Этот огнистый молодой тур вельми пришелся по душе Сивооку, и хлопец даже выдумал для него имя – Рудь.

Чаще всего Рудь приставал к огромному, будто черная гора, туру, который ревел грозно и могуче, так что даже казалось, будто содрогается земля от его рева. Если бы пришлось подбирать для такого имя, то лучшего и не придумаешь, чем – Бутень[1]. Быть может, этот Бутень был самым сильным в турьем царстве, потому что от его рева пугливо убирались прочь все табуны, а он вел свое едва ли не самое многочисленное семейство осанисто и горделиво. Никто не осмеливался пересечь ему путь; тот, кто оказывался поблизости, старался поскорее убраться восвояси; когда слышался рев Бутеня, никто уже не пробовал подавать голос, потому что показался бы он вялым и немощным.

Быть может, все это и не нравилось Рудю, а может, бурлила в нем глупая молодая сила, которую он не знал куда девать и потому наскакивал на Бутеня, задевал его то так, то сяк, дразнил все больше и больше, пока не лопнуло у того терпение, и могучий тур не остановился, пропуская мимо себя свой табун, а сам угрожающе выставил против Рудя свои толстенные рога, на каждом из которых мог бы повиснуть такой вот нахальный молодой тур.

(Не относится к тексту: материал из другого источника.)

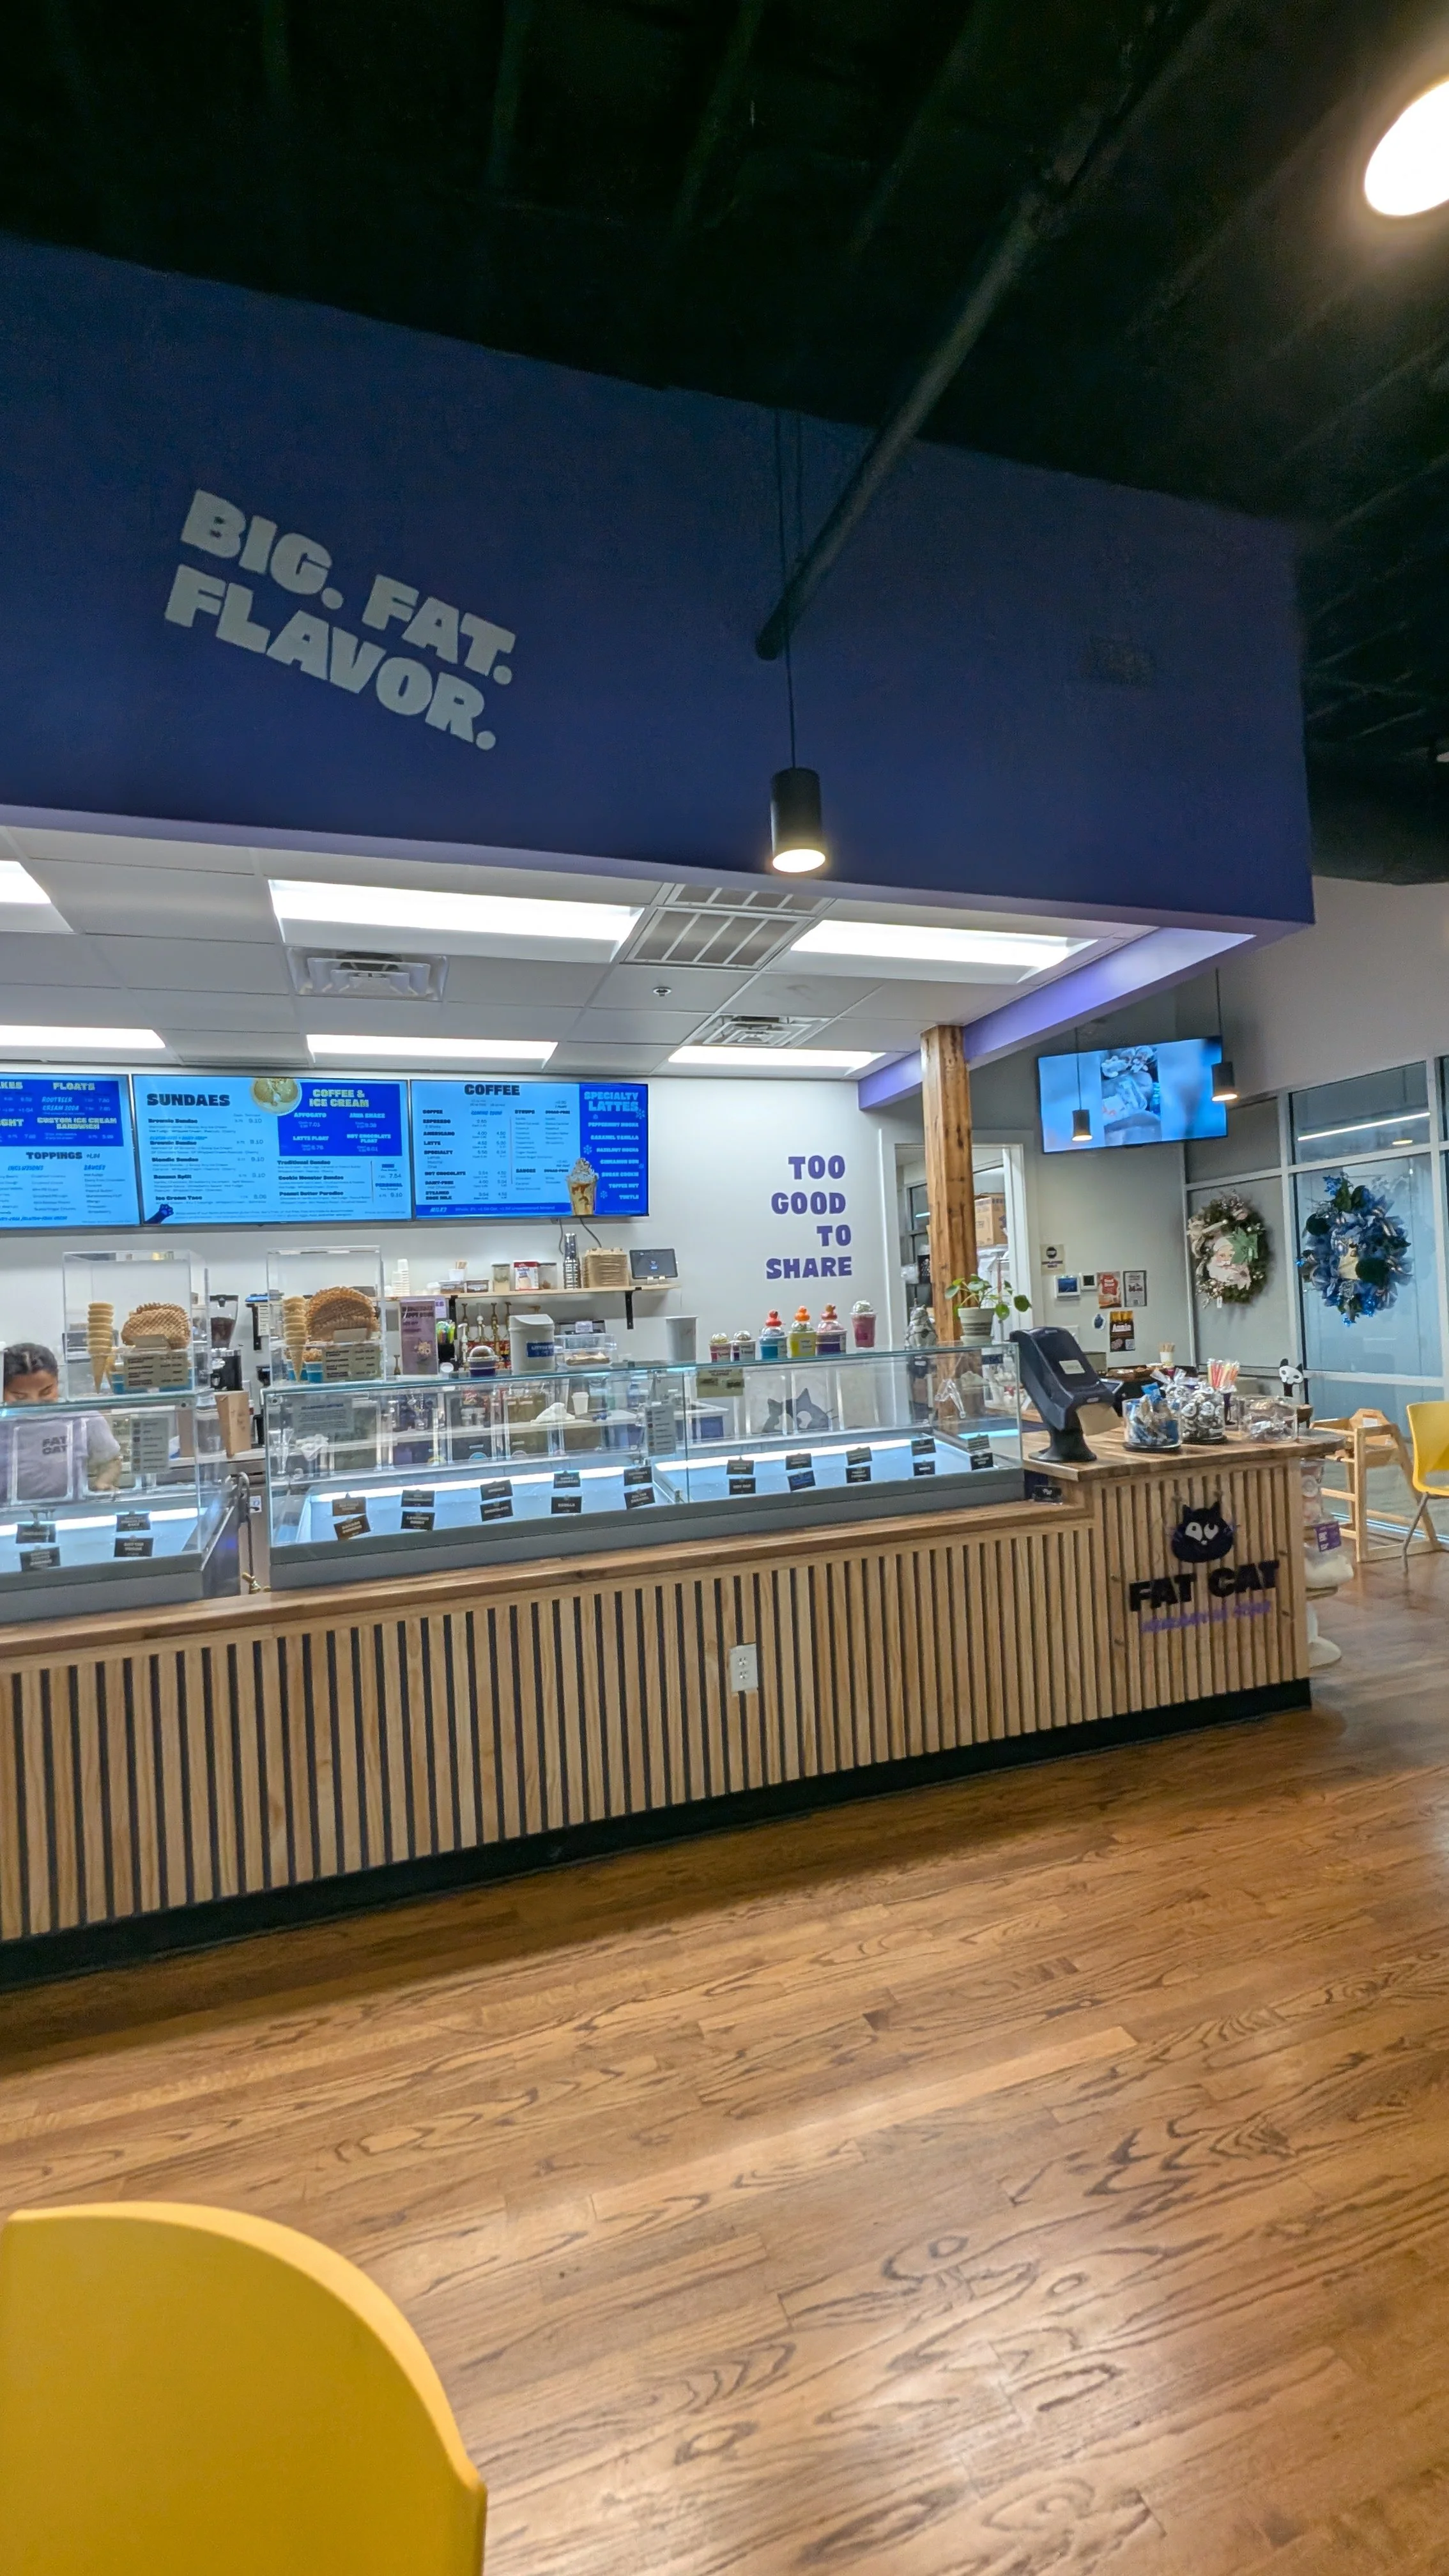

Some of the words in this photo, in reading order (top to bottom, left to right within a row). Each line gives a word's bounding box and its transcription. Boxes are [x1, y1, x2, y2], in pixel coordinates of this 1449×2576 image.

Сивооку невольно вспомнилось, что из таких турьих рогов у деда Родима был лук. Он купил его у проезжего греческого купца за большие деньги, ибо грек клялся, что такой лук есть только у него, что сделал его знаменитый заморский мастер и заклял, из-за чего никто не хотел брать лук на продажу, а он рискнул, потому что знал заклятие мастера. А заключалось оно в том, что тот, кто сумеет согнуть лук и натянуть тетиву, будет делать великие дела. Есть луки из рогов буйвола, и их тоже мало кто в состоянии согнуть, а уж кто это сделает, тот становится великим воином, а то и князем, этот же лук и вовсе необычный. На все эти разглагольствования купца дед Родим тогда лишь улыбнулся, взял лук, упер его одним концом в землю и согнул так легко, будто был он не из могучих рогов и даже не из крепкого тисового дерева, а из молодой вербы. И стрелял тогда Родим из своего лука так далеко, как никто бы не смог, но больше ничего не успел сделать, иссеченный мечами тех, которые пришли под крестом.

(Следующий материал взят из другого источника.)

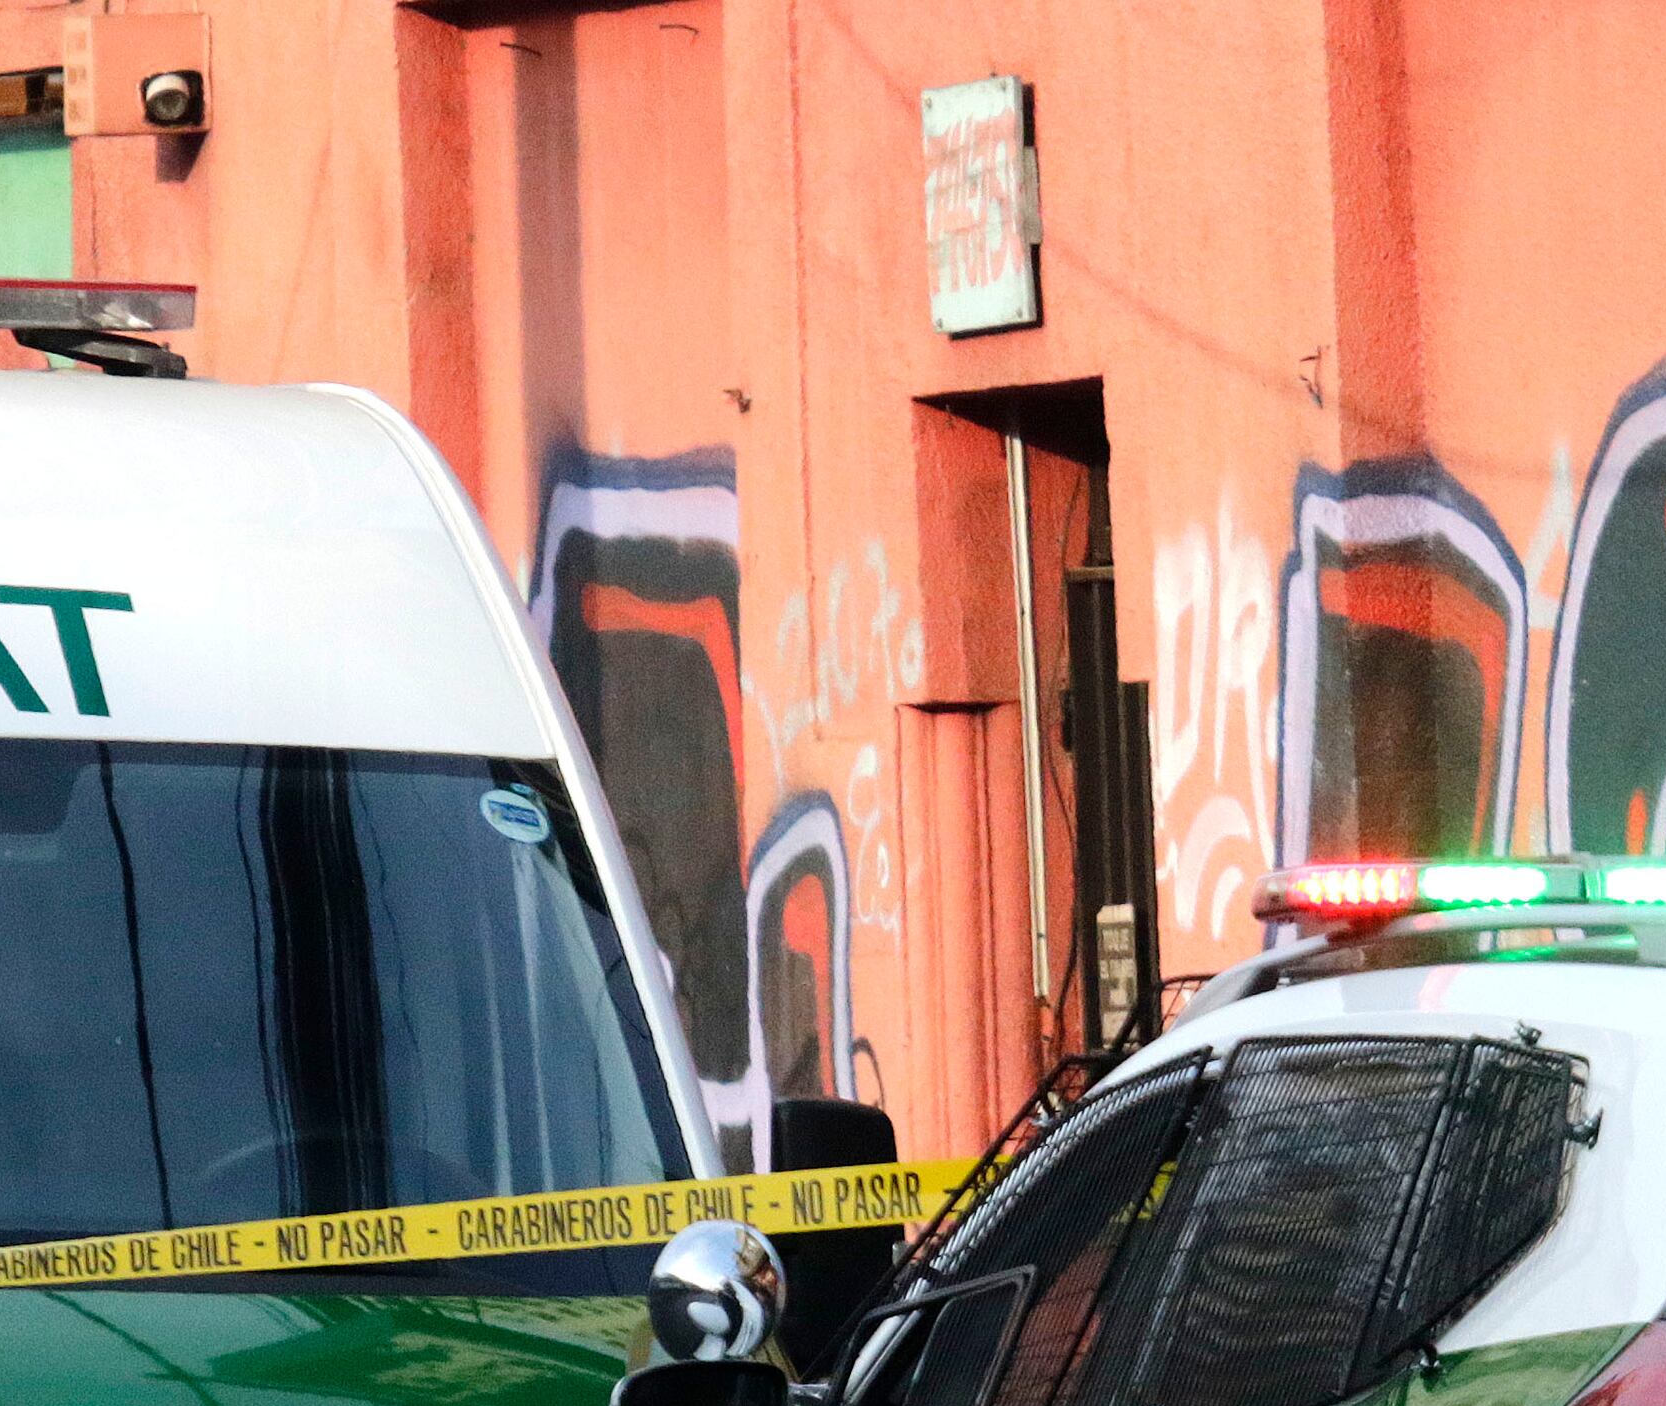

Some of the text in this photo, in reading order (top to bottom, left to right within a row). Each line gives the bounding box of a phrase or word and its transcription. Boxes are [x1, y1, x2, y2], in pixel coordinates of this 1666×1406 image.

[129, 1236, 161, 1272] DE
[171, 1229, 242, 1269] CHILE
[276, 1224, 308, 1264] NO
[321, 1215, 407, 1258] PASAR
[457, 1199, 631, 1250] CARABINEROS
[645, 1191, 677, 1235] DE
[791, 1180, 824, 1225] NO
[836, 1172, 923, 1221] PASAR

Ну, да были то рога неживые, о них Сивоок не стал бы и вспоминать, если бы не дед Родим. Но и это воспоминание мелькнуло лишь на мгновение, потому что все внимание хлопца сосредоточилось на двух могучих зверях, старом и молодом, гонком, юрком, но еще не окрепшем и не затвердевшем в нерушимой своей силе. Один был как веселое полыхающее пламя, другой – темный, будто земной кряж, один, казалось, толком еще не осознавал, на что решился, другой относился к стычке степенно, ибо раз уж он встал на бой, то должен быть бой, должны тут быть побежденный и победитель, один должен был уйти, а другой – лечь, быть может, и навсегда. По тому, как напряглись мышцы на могучей шее Бутеня, как выставил он на противника свои необъятные рога, можно было совершенно не сомневаться относительно того, как будет проходить стычка, и Сивоок немало удивлялся легкомысленности Рудя. А тот как ни в чем не бывало тоже надулся, напыжился, выставил свои тонкие рожки против замшелых кольев старого и еще словно бы и подвинулся чуточку вперед, чтобы схватиться в смертельном поединке с непреоборимым опытным туром, но в последний миг внезапно прыгнул вбок, как-то смешно взмахнул головой и, видно, и сам не ведая, что делает, пырнул Бутеня рогом в заднее левое бедро. Он загнал рог так глубоко, что даже остановился, перепуганный своевольным своим поступком, но сразу же опомнился, рванулся еще больше вбок и, пропахивая в мохнатом бедре Бутеня широкую и глубокую борозду, вырвал свое оружие и бросился наутек.

Но Бутень не стал его преследовать. Глухо заревев вдогонку своему врагу, он тяжко повернулся и побрел в заросли. Из широкой раны била густая красная кровь. Тур шел тяжелее и тяжелее, все больше припадал на раненую ногу, но не падал, – наверное, не хотел позориться перед всем турьим племенем, стремился спрятаться со своей бедой, потому двигался в молодую чащу, где бы мог найти убежище, и еду, и, может, воду.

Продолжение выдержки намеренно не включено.